-- Data provided follows --

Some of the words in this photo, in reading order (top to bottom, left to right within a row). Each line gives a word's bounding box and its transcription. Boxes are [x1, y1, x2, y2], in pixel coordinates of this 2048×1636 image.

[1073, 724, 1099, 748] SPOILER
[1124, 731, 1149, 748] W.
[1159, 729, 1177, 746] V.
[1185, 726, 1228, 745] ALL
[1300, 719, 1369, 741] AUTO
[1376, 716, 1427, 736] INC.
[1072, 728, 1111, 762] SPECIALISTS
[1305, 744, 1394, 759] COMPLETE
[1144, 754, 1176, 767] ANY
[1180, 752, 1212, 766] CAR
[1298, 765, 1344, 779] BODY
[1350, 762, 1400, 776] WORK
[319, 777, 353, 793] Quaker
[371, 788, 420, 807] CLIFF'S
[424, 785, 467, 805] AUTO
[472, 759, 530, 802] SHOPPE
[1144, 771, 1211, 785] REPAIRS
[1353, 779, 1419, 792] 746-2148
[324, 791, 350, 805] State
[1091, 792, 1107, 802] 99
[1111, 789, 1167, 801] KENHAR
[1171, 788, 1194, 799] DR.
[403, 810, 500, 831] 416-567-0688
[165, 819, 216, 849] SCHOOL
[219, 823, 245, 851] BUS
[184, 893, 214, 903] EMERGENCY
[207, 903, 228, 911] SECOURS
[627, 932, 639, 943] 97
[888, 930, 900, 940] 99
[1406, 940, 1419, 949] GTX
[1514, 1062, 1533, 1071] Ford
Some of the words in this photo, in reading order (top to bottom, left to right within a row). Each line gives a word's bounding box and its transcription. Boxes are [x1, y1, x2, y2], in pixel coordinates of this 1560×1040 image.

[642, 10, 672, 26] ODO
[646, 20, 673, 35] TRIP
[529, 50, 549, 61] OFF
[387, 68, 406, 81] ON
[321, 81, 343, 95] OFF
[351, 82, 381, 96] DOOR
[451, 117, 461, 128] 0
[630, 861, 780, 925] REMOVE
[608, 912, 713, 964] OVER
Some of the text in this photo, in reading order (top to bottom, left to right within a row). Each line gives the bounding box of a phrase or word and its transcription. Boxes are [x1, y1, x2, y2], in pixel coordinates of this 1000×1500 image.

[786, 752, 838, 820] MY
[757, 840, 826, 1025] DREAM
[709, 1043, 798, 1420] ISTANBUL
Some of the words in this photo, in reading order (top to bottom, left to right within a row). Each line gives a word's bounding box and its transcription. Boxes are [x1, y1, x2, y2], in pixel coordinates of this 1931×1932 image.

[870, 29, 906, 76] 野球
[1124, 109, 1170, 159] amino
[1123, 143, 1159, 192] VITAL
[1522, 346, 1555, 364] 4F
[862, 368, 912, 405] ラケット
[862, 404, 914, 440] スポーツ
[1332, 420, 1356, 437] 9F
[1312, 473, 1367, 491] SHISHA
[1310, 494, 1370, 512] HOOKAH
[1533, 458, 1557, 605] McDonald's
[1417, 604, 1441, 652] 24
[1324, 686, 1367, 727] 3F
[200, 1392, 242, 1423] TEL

-- Data provided concluded --

Aim of the task: Your task is to reproduce all of the records exactly.

Exercise result:
Some of the words in this photo, in reading order (top to bottom, left to right within a row). Each line gives a word's bounding box and its transcription. Boxes are [x1, y1, x2, y2], in pixel coordinates of this 2048×1636 image.

[1073, 724, 1099, 748] SPOILER
[1124, 731, 1149, 748] W.
[1159, 729, 1177, 746] V.
[1185, 726, 1228, 745] ALL
[1300, 719, 1369, 741] AUTO
[1376, 716, 1427, 736] INC.
[1072, 728, 1111, 762] SPECIALISTS
[1305, 744, 1394, 759] COMPLETE
[1144, 754, 1176, 767] ANY
[1180, 752, 1212, 766] CAR
[1298, 765, 1344, 779] BODY
[1350, 762, 1400, 776] WORK
[319, 777, 353, 793] Quaker
[371, 788, 420, 807] CLIFF'S
[424, 785, 467, 805] AUTO
[472, 759, 530, 802] SHOPPE
[1144, 771, 1211, 785] REPAIRS
[1353, 779, 1419, 792] 746-2148
[324, 791, 350, 805] State
[1091, 792, 1107, 802] 99
[1111, 789, 1167, 801] KENHAR
[1171, 788, 1194, 799] DR.
[403, 810, 500, 831] 416-567-0688
[165, 819, 216, 849] SCHOOL
[219, 823, 245, 851] BUS
[184, 893, 214, 903] EMERGENCY
[207, 903, 228, 911] SECOURS
[627, 932, 639, 943] 97
[888, 930, 900, 940] 99
[1406, 940, 1419, 949] GTX
[1514, 1062, 1533, 1071] Ford
Some of the words in this photo, in reading order (top to bottom, left to right within a row). Each line gives a word's bounding box and its transcription. Boxes are [x1, y1, x2, y2], in pixel coordinates of this 1560×1040 image.

[642, 10, 672, 26] ODO
[646, 20, 673, 35] TRIP
[529, 50, 549, 61] OFF
[387, 68, 406, 81] ON
[321, 81, 343, 95] OFF
[351, 82, 381, 96] DOOR
[451, 117, 461, 128] 0
[630, 861, 780, 925] REMOVE
[608, 912, 713, 964] OVER
Some of the text in this photo, in reading order (top to bottom, left to right within a row). Each line gives the bounding box of a phrase or word and its transcription. Boxes are [x1, y1, x2, y2], in pixel coordinates of this 1000×1500 image.

[786, 752, 838, 820] MY
[757, 840, 826, 1025] DREAM
[709, 1043, 798, 1420] ISTANBUL
Some of the words in this photo, in reading order (top to bottom, left to right within a row). Each line gives a word's bounding box and its transcription. Boxes are [x1, y1, x2, y2], in pixel coordinates of this 1931×1932 image.

[870, 29, 906, 76] 野球
[1124, 109, 1170, 159] amino
[1123, 143, 1159, 192] VITAL
[1522, 346, 1555, 364] 4F
[862, 368, 912, 405] ラケット
[862, 404, 914, 440] スポーツ
[1332, 420, 1356, 437] 9F
[1312, 473, 1367, 491] SHISHA
[1310, 494, 1370, 512] HOOKAH
[1533, 458, 1557, 605] McDonald's
[1417, 604, 1441, 652] 24
[1324, 686, 1367, 727] 3F
[200, 1392, 242, 1423] TEL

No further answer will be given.